In a recent court ruling, a Calgary judge has found that pandemic lockdown orders were outside of the Alberta Public Health Act because they were ultimately decided upon by politicians and not scientists.
The 90-page decision submitted on Monday is a part of a long and complicated lawsuit concerning whether pandemic mandates violated the province’s Bill of Rights or federal Charter guarantees.
“Although, Dr. Hinshaw was maligned during the pandemic and afterwards as the symbol of the restrictions, she was not in fact the final decision-maker,” wrote Justice Barbara Romaine.
Romaine’s ruling puts the fate of several cases in which people received charges related to public health violations up in the air.
Although Hinshaw might not have been the final decision maker throughout the pandemic, she championed her unit’s pandemic restrictions throughout the trial.

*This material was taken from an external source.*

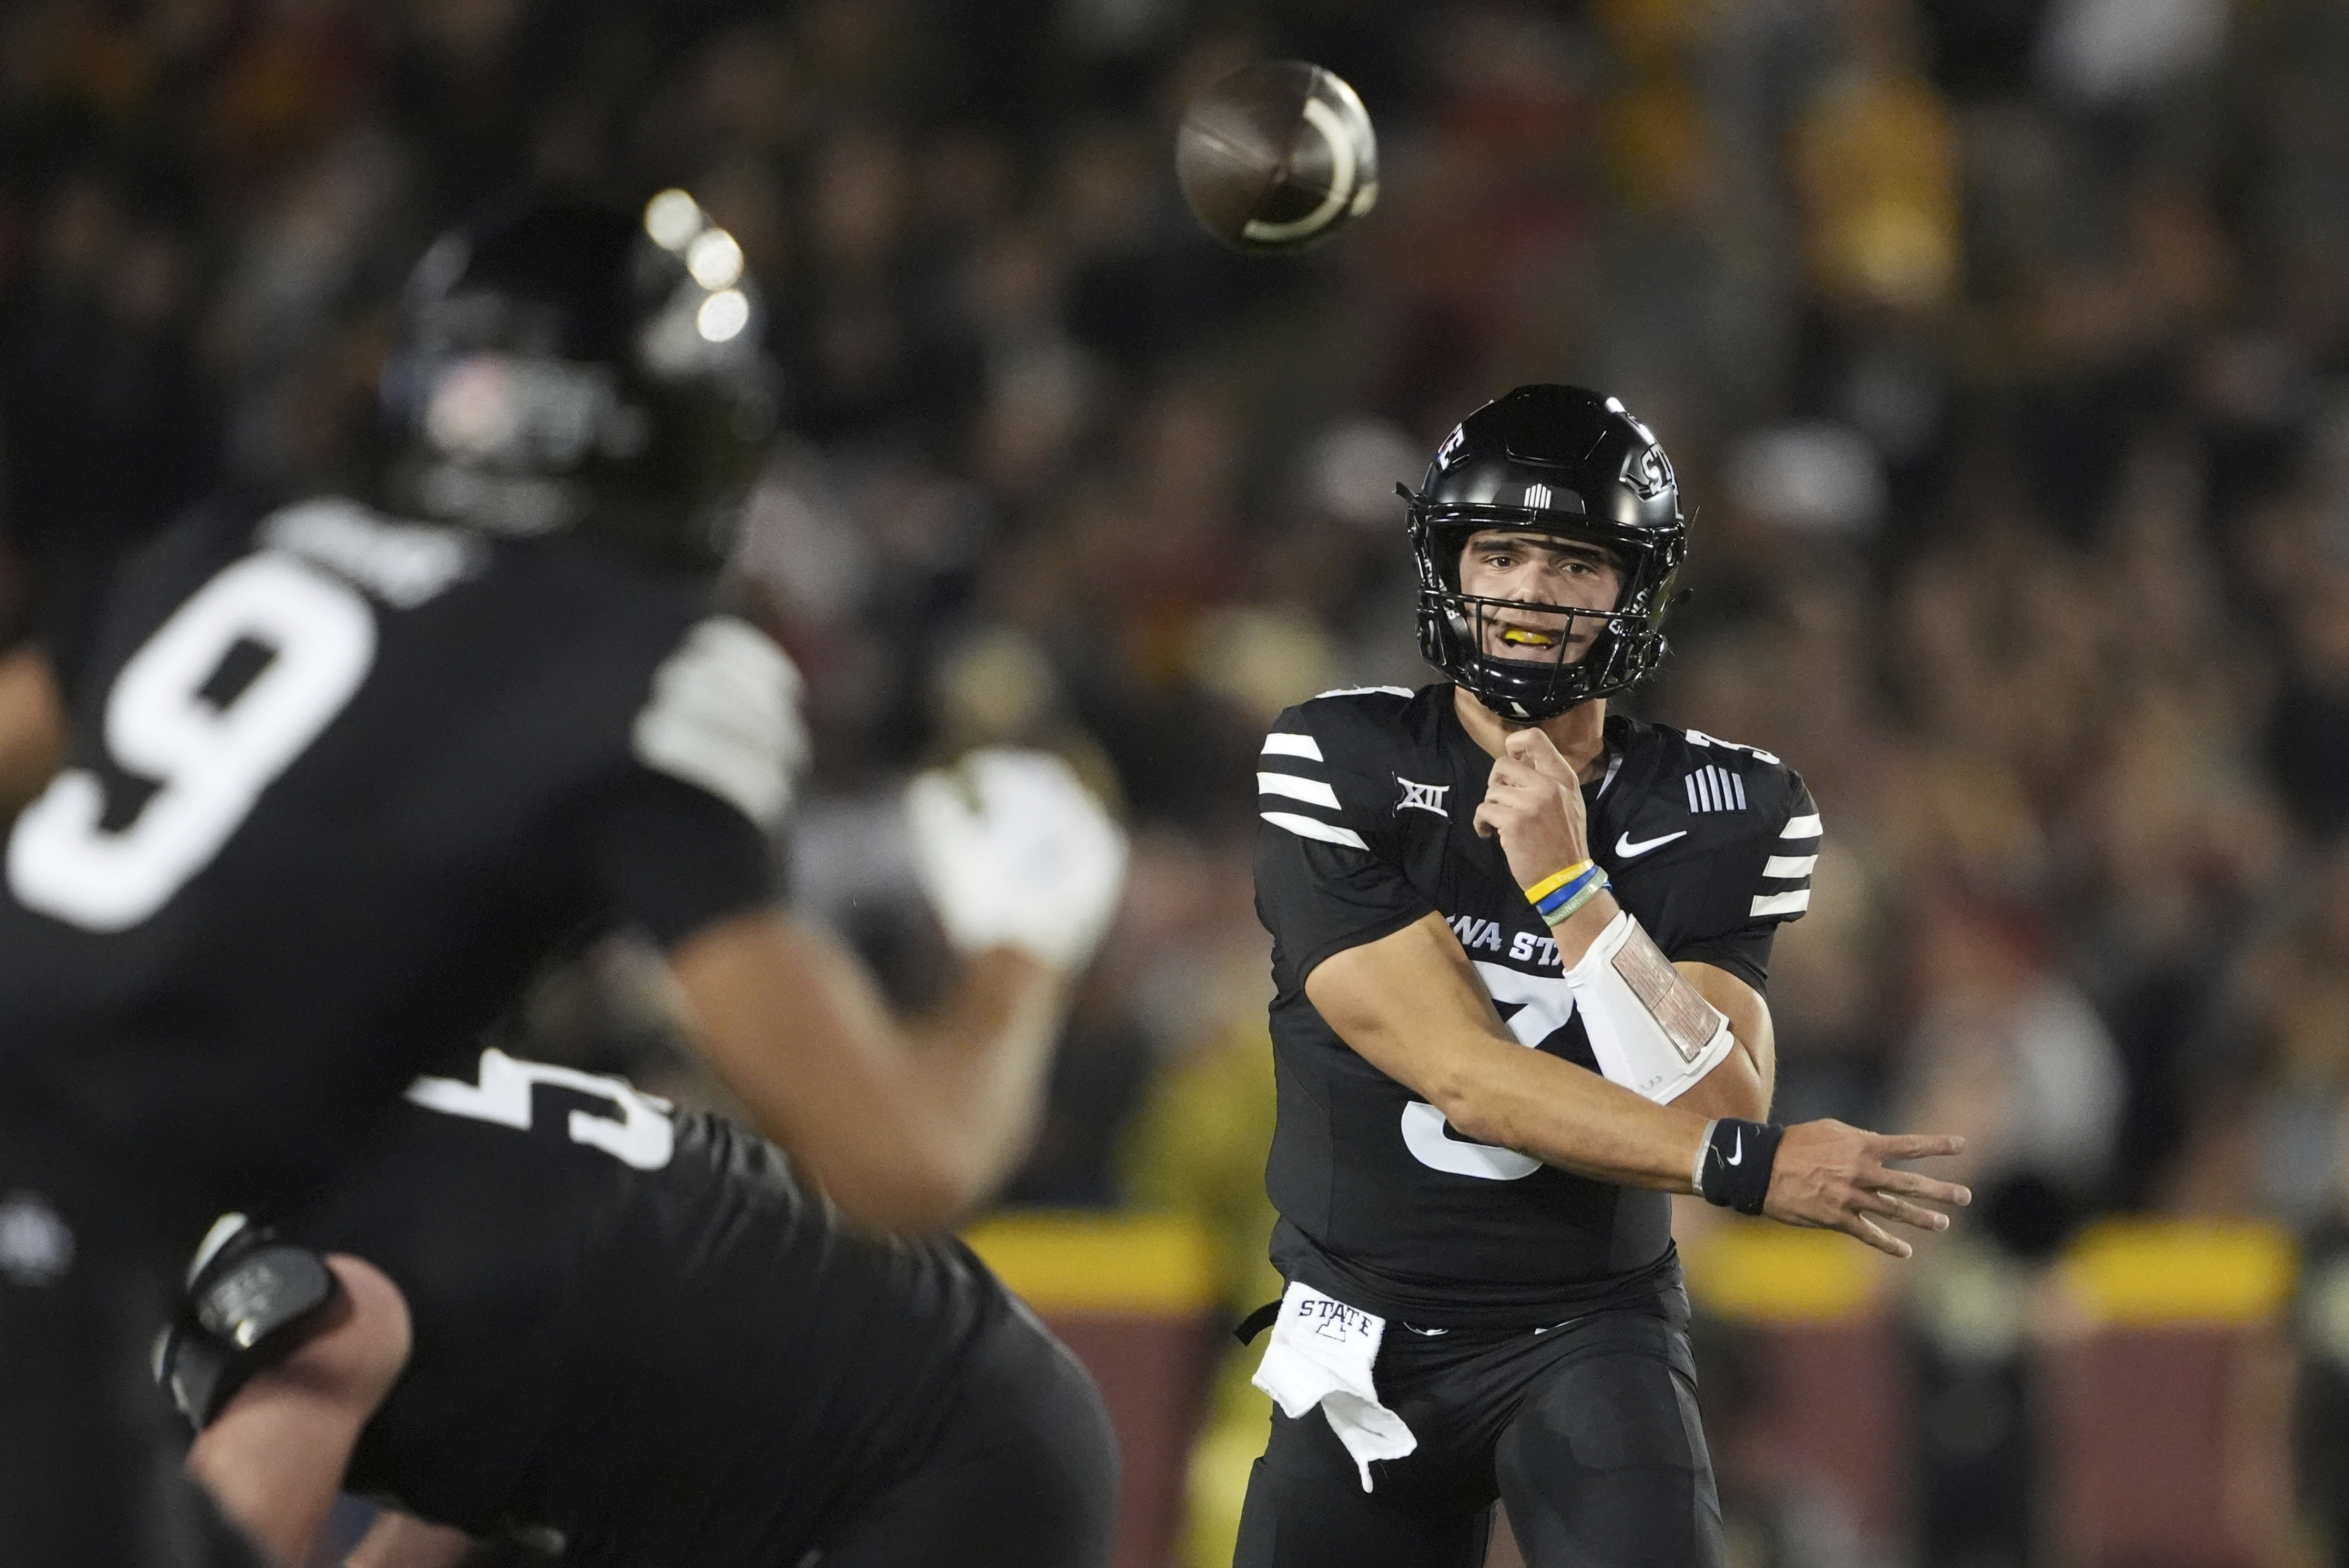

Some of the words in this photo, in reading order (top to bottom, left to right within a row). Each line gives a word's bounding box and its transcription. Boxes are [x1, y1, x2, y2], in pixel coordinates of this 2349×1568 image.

Last year Hinshaw claimed the mandates and lockdowns were needed to protect the integrity of the province’s health care system.
Responding to these claims, lawyers representing plaintiffs who argued that the restrictions violated individual rights said that the data didn’t add up when taking into account the bigger picture.
“The tensions between individual liberty and the greater good … is the heart of this case,” said lawyer Leighton Grey in April 2022.
Grey accused Hinshaw of being granted “extraordinary” powers over people’s lives despite serving in an appointed role.
Hinshaw has been at the centre of numerous legal challenges against overreaching pandemic restrictions.
As exclusively reported by The Counter Signal, Alberta Health Services attempted to secretly rehire Hinshaw in the middle of the last provincial election.
Hinshaw was replaced in her role as the chief medical officer of health by Premier Danielle Smith last year.